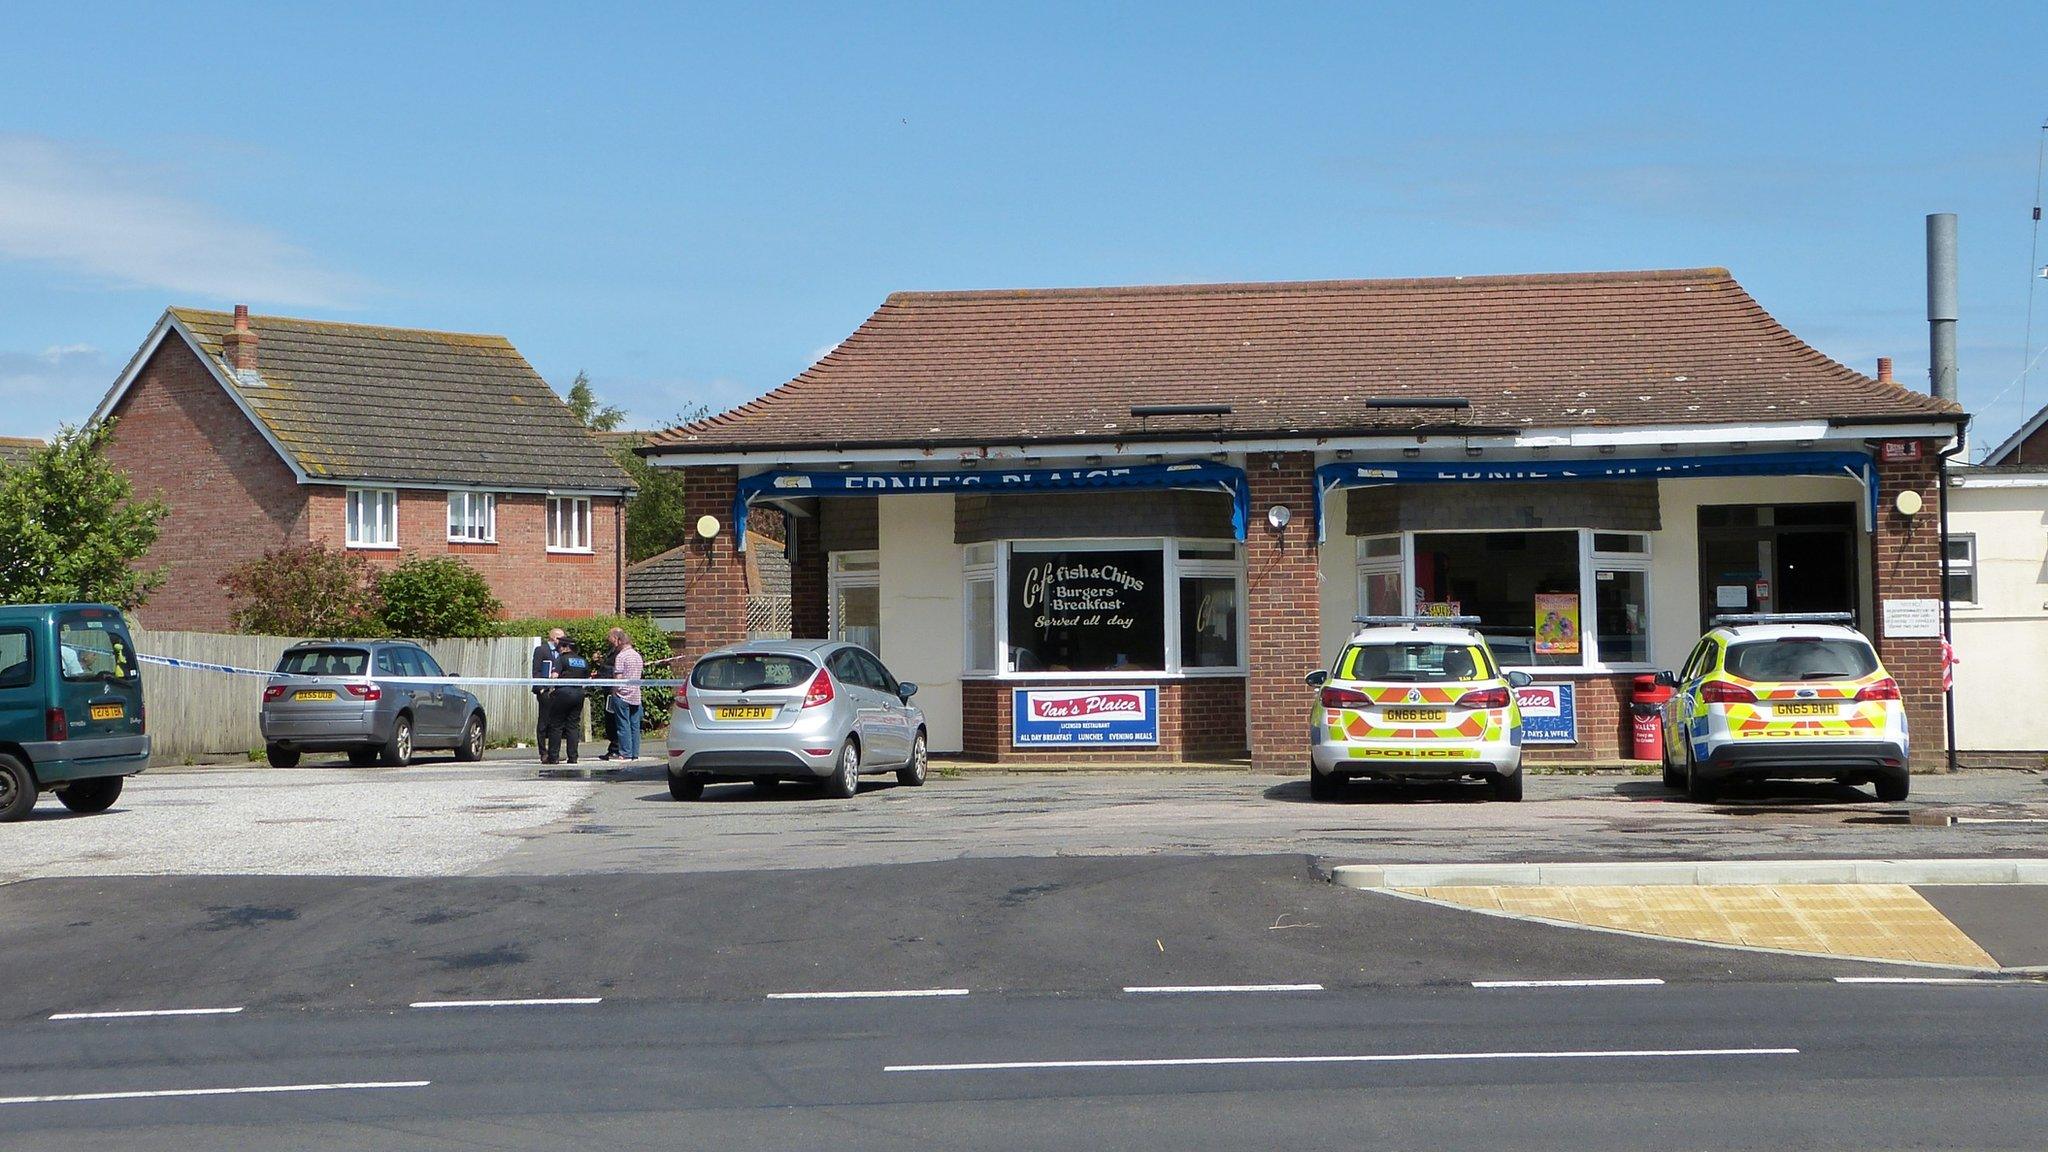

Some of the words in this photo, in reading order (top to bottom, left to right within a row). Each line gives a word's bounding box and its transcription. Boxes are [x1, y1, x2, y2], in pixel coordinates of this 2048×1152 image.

[1101, 565, 1144, 591] Chips
[1023, 562, 1055, 609] Cafe
[1056, 586, 1115, 600] Burgers
[1052, 599, 1122, 610] Breakfast
[1034, 615, 1080, 628] Served
[1083, 615, 1101, 626] all
[1107, 614, 1134, 629] day
[1040, 700, 1080, 717] Ian's
[1085, 696, 1136, 714] Plaice
[1777, 704, 1808, 714] GN65
[1811, 703, 1835, 714] BWH
[1387, 710, 1417, 720] GN66
[1042, 733, 1072, 741] BREAKFAST
[1108, 732, 1134, 740] EVENING
[1134, 732, 1153, 740] MEALS
[1365, 749, 1465, 757] POLICE
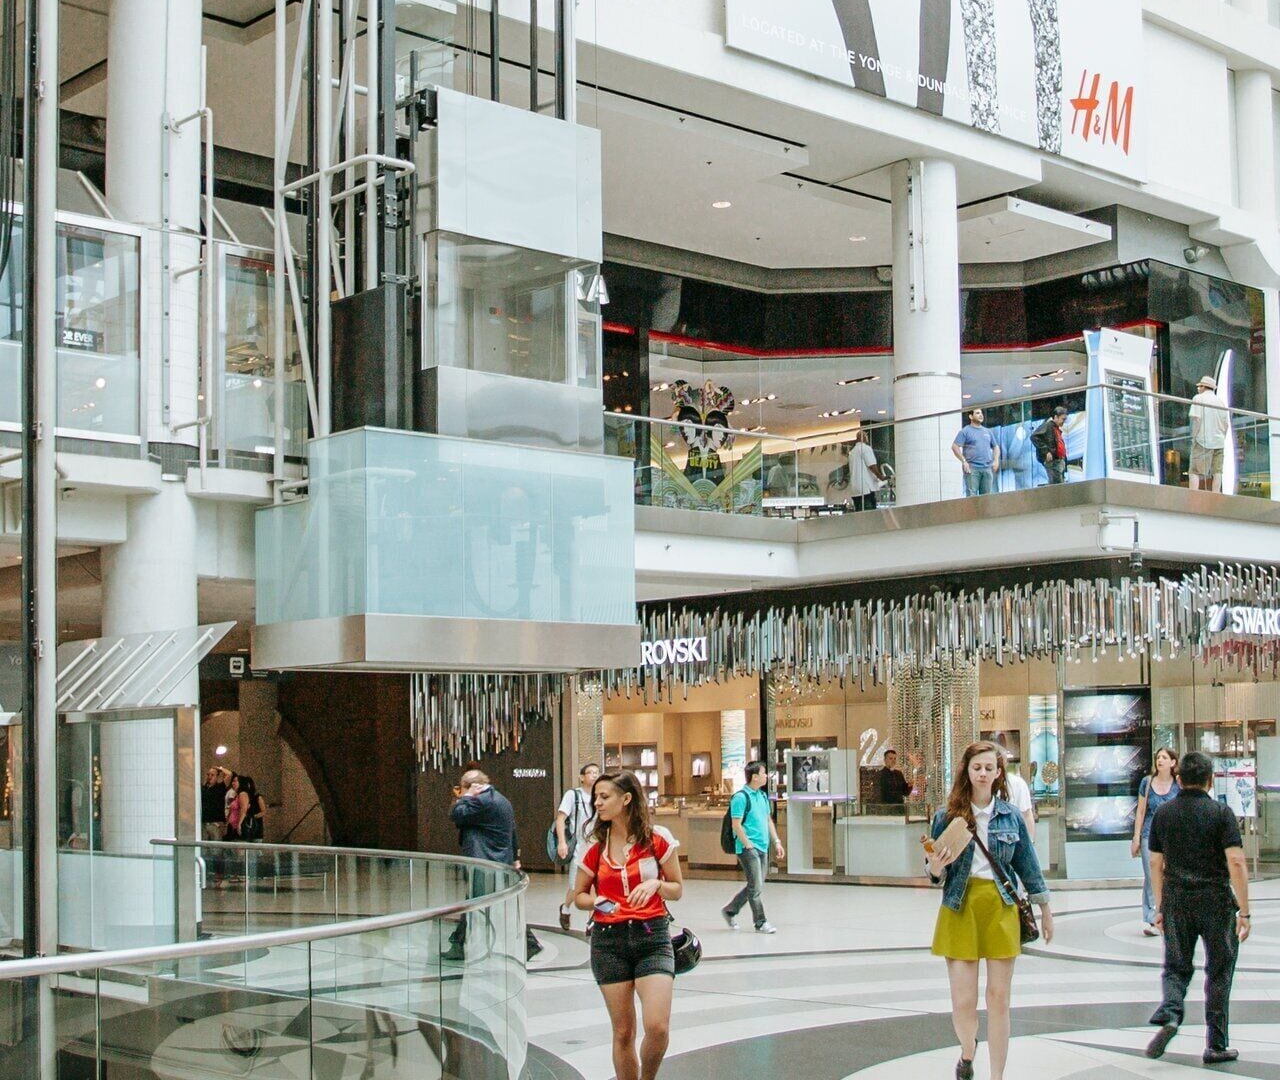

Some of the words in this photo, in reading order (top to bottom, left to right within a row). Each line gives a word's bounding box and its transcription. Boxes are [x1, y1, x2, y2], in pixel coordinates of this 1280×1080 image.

[741, 13, 806, 47] LOCATED
[808, 38, 825, 54] AT
[829, 44, 856, 65] THE
[858, 53, 902, 80] YONGE
[918, 73, 967, 101] DUNDAS
[1069, 68, 1134, 156] H&M
[641, 636, 708, 666] ROVSKI
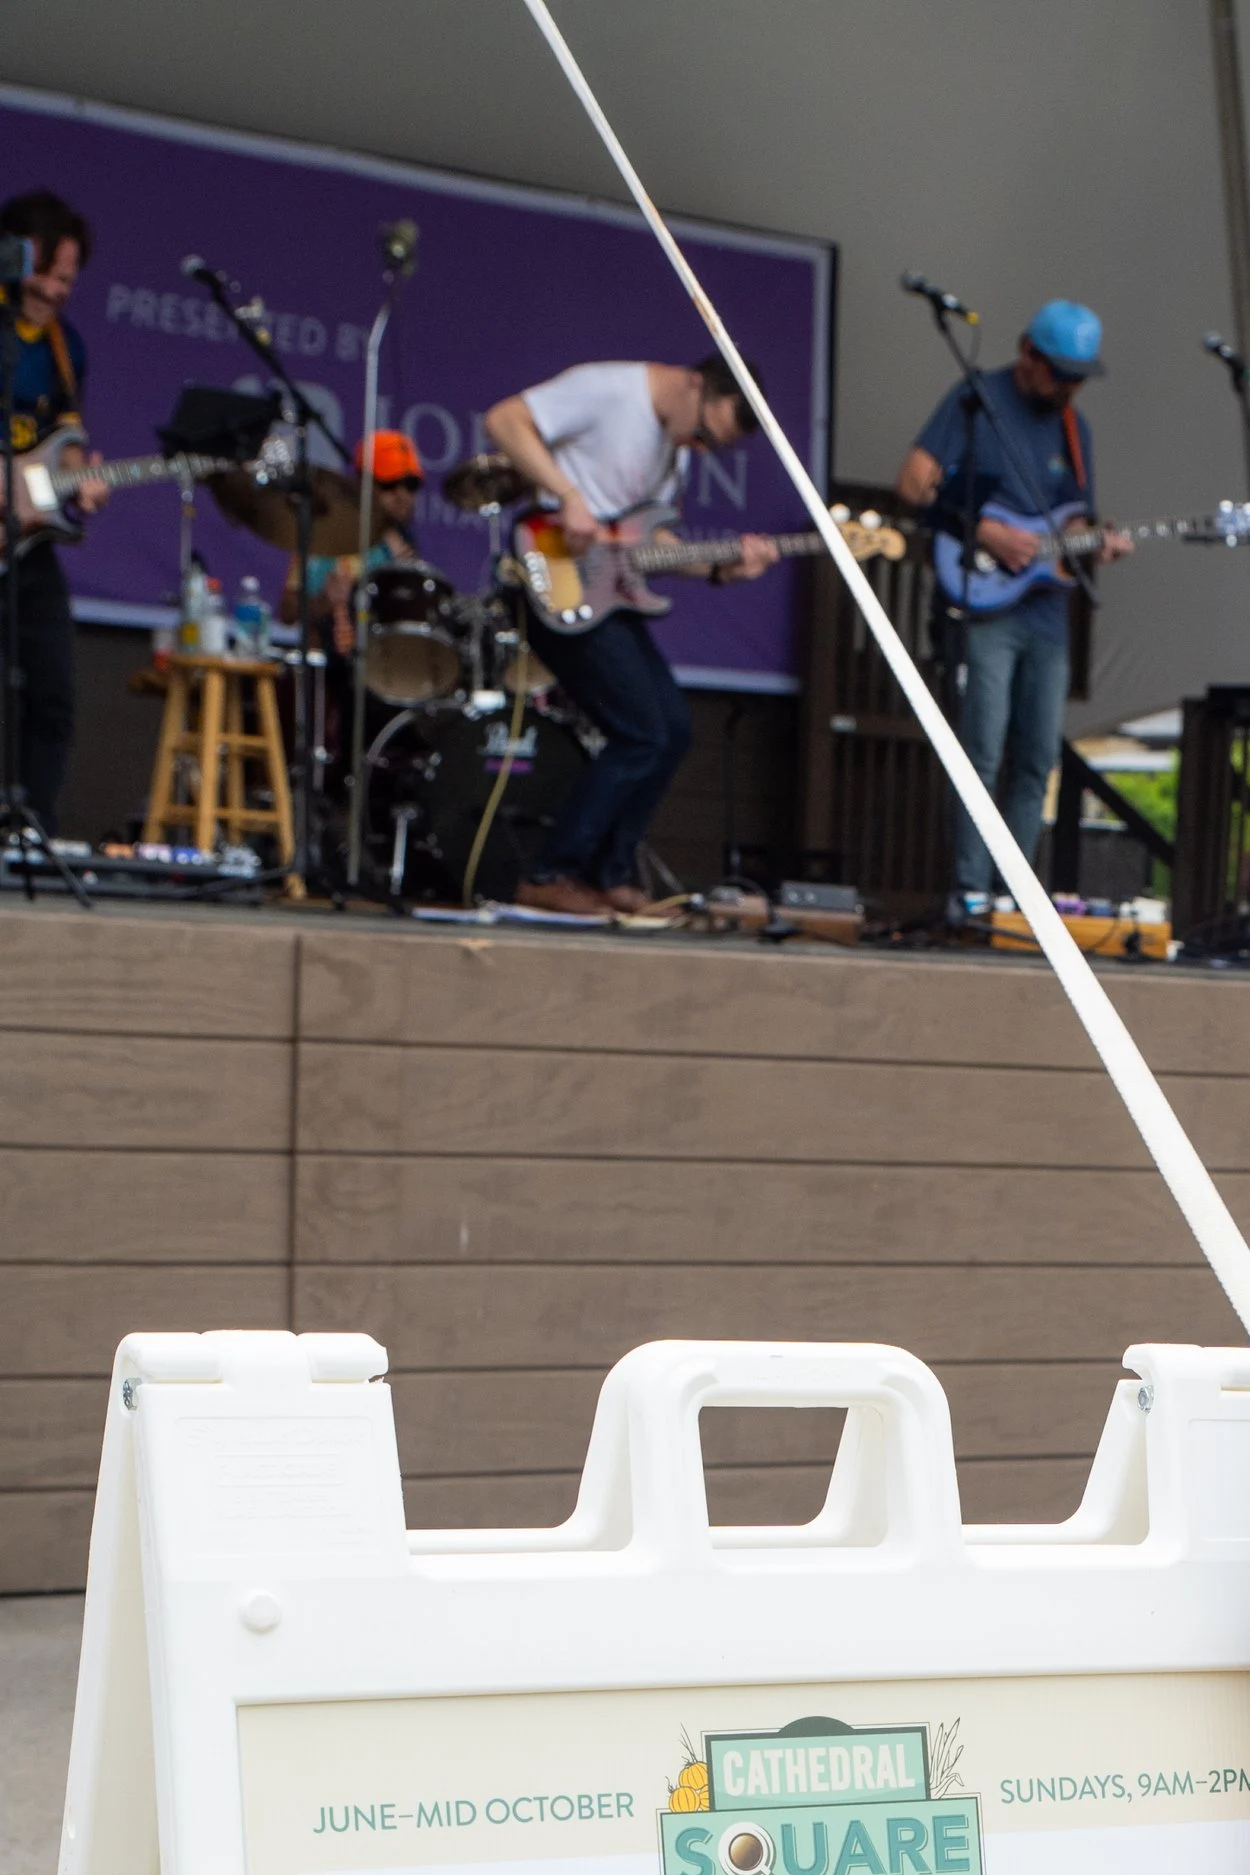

▸ DIRECTIONS: Return every entry unchanged and skip the pictures.

▸ TASK OUTPUT:
Some of the words in this photo, in reading order (top to bottom, left to right within a row). Each line gives a word's bounding box and its transcription. Boxes are [x1, y1, x2, y2], in pixel coordinates of this 2048×1152 image.

[1101, 565, 1144, 591] Chips
[1023, 562, 1055, 609] Cafe
[1056, 586, 1115, 600] Burgers
[1052, 599, 1122, 610] Breakfast
[1034, 615, 1080, 628] Served
[1083, 615, 1101, 626] all
[1107, 614, 1134, 629] day
[1040, 700, 1080, 717] Ian's
[1085, 696, 1136, 714] Plaice
[1777, 704, 1808, 714] GN65
[1811, 703, 1835, 714] BWH
[1387, 710, 1417, 720] GN66
[1042, 733, 1072, 741] BREAKFAST
[1108, 732, 1134, 740] EVENING
[1134, 732, 1153, 740] MEALS
[1365, 749, 1465, 757] POLICE

Some of the words in this photo, in reading order (top to bottom, left to right within a row). Each line gives a word's bounding box and its transcription. Boxes are [x1, y1, x2, y2], in pixel coordinates of this 1280×1080 image.

[741, 13, 806, 47] LOCATED
[808, 38, 825, 54] AT
[829, 44, 856, 65] THE
[858, 53, 902, 80] YONGE
[918, 73, 967, 101] DUNDAS
[1069, 68, 1134, 156] H&M
[641, 636, 708, 666] ROVSKI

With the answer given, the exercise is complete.